Recent advances in molecular immunology have unmasked the crucial mechanisms that inhibit anti-tumor immune responses in vivo. In particular, regulatory T (Treg) cells, which are a distinct lymphocyte lineage that inhibits both adaptive and innate immunity[9], have received a great deal of attention. Treg cells can also hinder the anti-tumor activity of CIK cells[10,11]. Thus, strategies aimed at depleting Treg cells may increase the efficacy of CIK cells.

A number of studies have shown that some chemotherapeutic agents, in addition to their direct cytotoxic effects on tumor cells, possess the ability to modulate anti-tumor immune responses[12,13]. Cisplatin (DDP) is one of the conventional anticancer agents endowed with immunomodulating features. It can sensitize tumor cells to lysis by NKG2D-expressing lymphocytes by up-regulating the expression of the NKG2D ligand (NKG2DL) on tumor cells[14]. It may also increase the vulnerability of tumor cells to Fas ligand (FasL)-positive immune effectors by increasing Fas expression on the targets[15]. However, there have been no studies characterizing the potential suppressive effects of DDP on Treg cells.

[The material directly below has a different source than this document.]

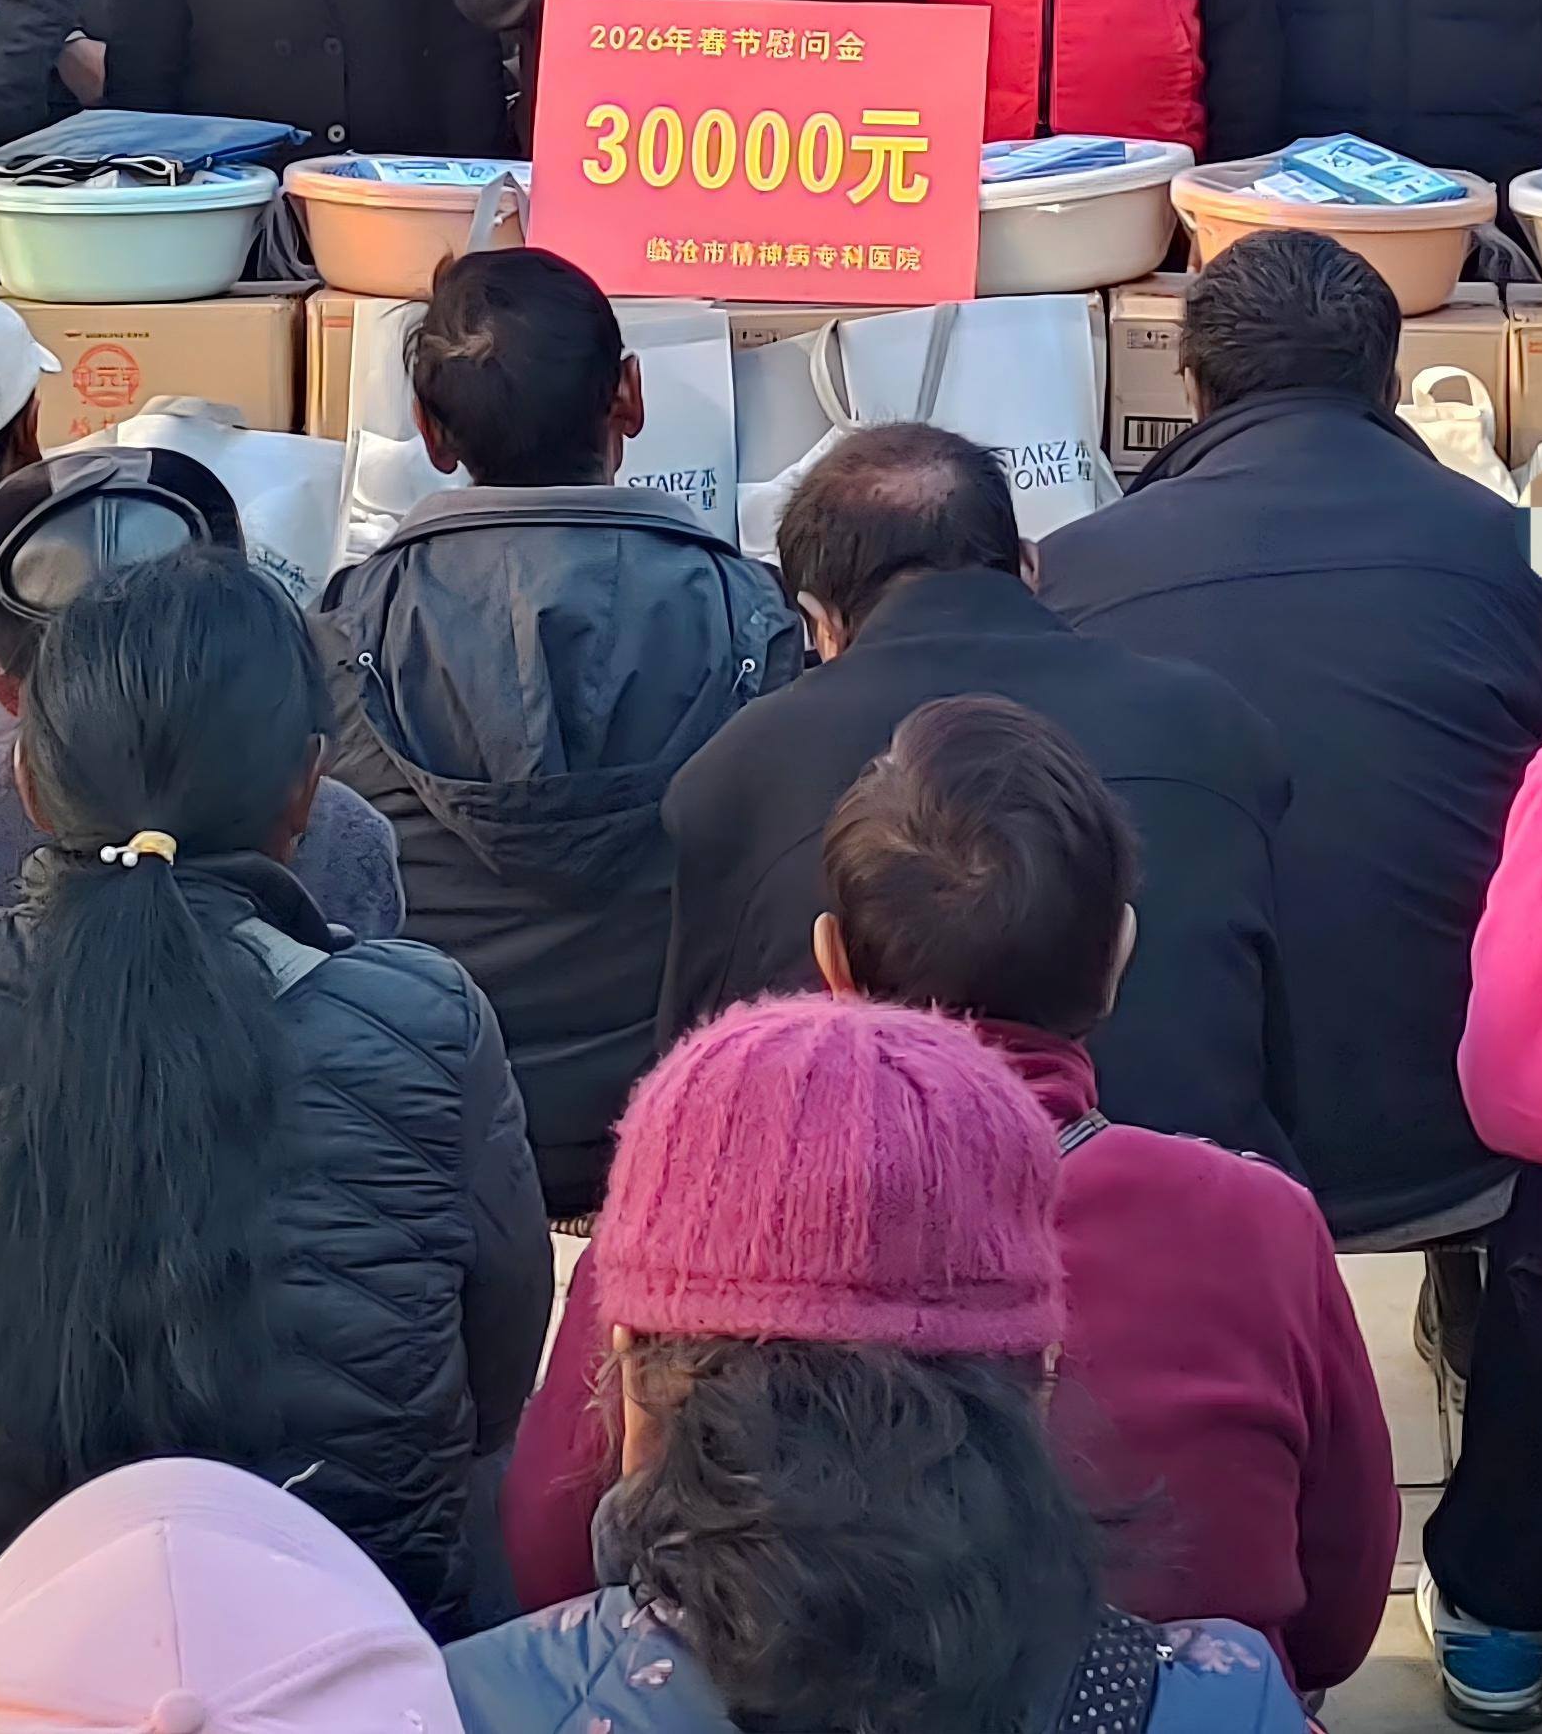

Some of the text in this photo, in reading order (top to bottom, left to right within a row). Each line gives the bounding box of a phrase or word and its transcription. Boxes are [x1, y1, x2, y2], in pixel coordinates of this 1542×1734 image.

[589, 24, 867, 62] 2026年春节慰问金
[581, 103, 931, 205] 30000元
[645, 236, 923, 272] 临沧市精神病专科医院

In this study, to investigate whether DDP can enhance the anti-tumor activity of CIK cells, we used a combined therapy consisting of pretreatment with DDP followed by adoptive CIK therapy in a murine colon adenocarcinoma model. A marked T cell-dependent synergistic anti-tumor effect was observed. Preconditioning chemotherapy with DDP also increased the infiltration of CD3+ T lymphocytes into the tumor mass and reduced the percentage of both intratumoral and splenic Treg cells, suggesting a potential mechanism underlying the immunostimulatory capacity of DDP. These results provide an immunological rationale for the combined chemoimmunotherapy and suggest a potential clinical modality for the treatment of patients with colorectal cancer.

MATERIALS AND METHODS
Animals

BALB/c wild type (WT) and BALB/c nu/nu male mice were purchased from the Chinese Academy of Military Medical Sciences (Beijing, China), and those at 6-8 wk of age were used for the experiment. All mice were maintained at controlled temperature and humidity, with a 12 h light-dark cycle, and sterile food and water ad libitum. The animal studies were conducted in accordance with the Animal Experiment Guidelines of the Ethics Committee of Jingling Hospital.

Tumor cells

Murine CT-26 colon adenocarcinoma cells were obtained from the Shanghai Institute of Biochemistry and Cell Biology (Shanghai, China) and maintained in cRPMI-1640 (Hyclone, Waltham, MA, USA) supplemented with 10% fetal calf serum, 100 U/mL penicillin and 100 μg/mL streptomycin at 37°C in a humidified atmosphere of 5% CO2.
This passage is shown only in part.